О.Нил не отвлекался на праздное времягубительство, не позволял себе и к Мелетию заглянуть в его пахучие просторные тесовые палаты с книжницею, куда тянуло как магнитом, — а сразу, едва помолившись с утра, отправлялся за реку, в луговую падь, на глинную купань, где открылась отменная глина, годная на кирпич. Неподалёку поставил о.Нил и печки для обжига. Не брезгуя, он наравне с работниками кидал в возы тяжеленную глину, тягал из печного чрева дышавшие пеклом чугунные решётчатые исподы с обожжёнными чёрно-седыми кирпичами, которые, остывая, делались тёмно-красными.

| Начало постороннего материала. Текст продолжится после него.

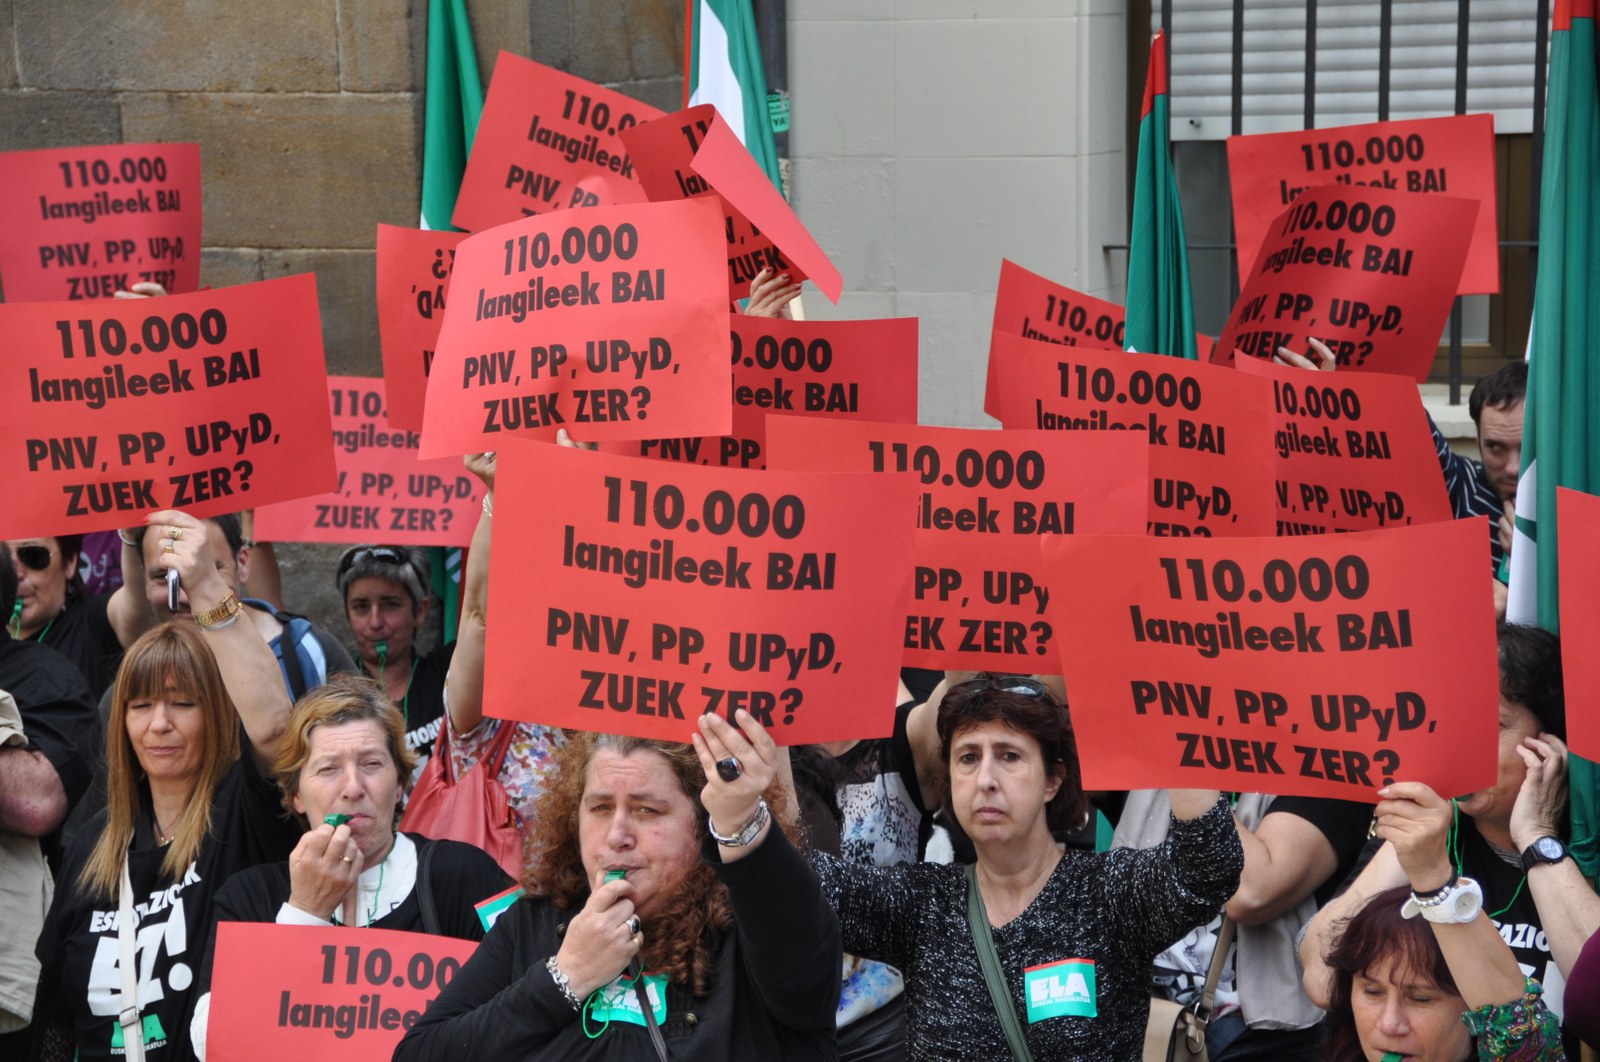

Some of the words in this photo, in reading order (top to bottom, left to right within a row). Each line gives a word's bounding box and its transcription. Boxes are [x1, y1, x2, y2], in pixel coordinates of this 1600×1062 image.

[527, 115, 633, 179] langileek
[1302, 134, 1423, 172] 110.000
[59, 157, 166, 188] 110.000
[505, 164, 561, 209] PNV,
[568, 187, 600, 208] PP
[1407, 168, 1447, 193] BAI
[40, 195, 151, 222] langileek
[156, 190, 181, 212] BAI
[1282, 201, 1395, 237] 110.000
[38, 243, 97, 268] PNV,
[104, 239, 143, 264] PP,
[504, 223, 638, 275] 110.000
[1362, 245, 1413, 276] BAI
[67, 274, 131, 300] ZUEK
[476, 272, 600, 323] langileek
[612, 269, 665, 302] BAI
[56, 308, 227, 358] 110.000
[1045, 294, 1124, 347] 110.00
[1275, 293, 1316, 327] PP,
[1329, 298, 1404, 336] UPyD,
[28, 358, 194, 410] langileek
[203, 348, 261, 388] BAI
[463, 350, 520, 389] PNV,
[530, 343, 577, 378] PP,
[586, 337, 681, 379] UPyD,
[483, 391, 565, 433] ZUEK
[574, 386, 652, 424] ZER?
[805, 382, 858, 412] BAI
[1058, 362, 1202, 412] 110.000
[26, 436, 108, 472] PNV,
[118, 431, 175, 466] PP,
[185, 412, 280, 456] UPyD,
[1178, 419, 1225, 455] BAI
[1345, 431, 1391, 459] BAI
[361, 473, 398, 499] PP,
[408, 475, 477, 503] UPyD,
[869, 441, 1045, 490] 110.000
[63, 479, 160, 517] ZUEK
[169, 460, 254, 508] ZER?
[604, 476, 805, 539] 110.000
[1153, 478, 1237, 522] UPyD,
[1299, 484, 1336, 518] PP,
[1340, 488, 1411, 526] UPyD,
[314, 505, 380, 529] ZUEK
[390, 507, 453, 531] ZER?
[1013, 501, 1075, 535] BAI
[563, 526, 751, 588] langileek
[766, 553, 837, 591] BAI
[1160, 556, 1369, 602] 110.000
[914, 566, 969, 608] PP,
[546, 608, 636, 662] PNV,
[651, 624, 712, 673] PP,
[728, 633, 842, 680] UPyD,
[958, 618, 1053, 656] ZER?
[1129, 606, 1325, 658] langileek
[1337, 610, 1412, 651] BAI
[578, 671, 686, 720] ZUEK
[701, 687, 803, 729] ZER?
[1130, 681, 1224, 726] PNV,
[1234, 690, 1298, 734] PP,
[1310, 692, 1437, 741] UPyD,
[1176, 733, 1285, 774] ZUEK
[1294, 745, 1400, 787] ZER?
[321, 945, 460, 990] 110.00
[1030, 973, 1090, 1003] ELA

В редкие передышки о.Нил смотрел изнизу на свой берег, высокий, который получил имя: Гора. Пред ним, мощно напружинив хребет, блестела под синими осенними небесами речка Вомля; в ней отражался обрыв с рабочими сходнями и маленькая маковка Богородицы с крестом: на самой вершине Горы уже красовалась свеженькими бревёнчатыми боками намедни освящённая церковь Богородицы.

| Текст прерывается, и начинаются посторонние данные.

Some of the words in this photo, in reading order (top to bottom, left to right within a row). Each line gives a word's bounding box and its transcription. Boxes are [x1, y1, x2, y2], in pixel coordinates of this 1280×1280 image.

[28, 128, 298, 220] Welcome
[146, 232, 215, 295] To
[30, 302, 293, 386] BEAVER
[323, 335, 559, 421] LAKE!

По всей Горе, насколько хватало глаз, кипела работа. Не по дням, а по часам росла, оттеснив опушку бора, устраивалась по-над рекою Богородичная обитель. Тынную ограду, наскоро поставленную летом, сейчас меняли на вечную, каменную, и, начав от леса, уже дотянули до углов. О.Нил прикидывал всякий раз, сколько подвинуто кладки за день и успеется ли замкнуть её до снега, и выходило, что успеется. В том же божился Артемий Мотас, зодчий, званный из Торопеня. Божился и в том, что Башню к лету будущему поставит. Подшев, подстенок то есть, уже соорудили, и камнем, привезённым из сосунцовских каменоломен, доверху и доровну забили.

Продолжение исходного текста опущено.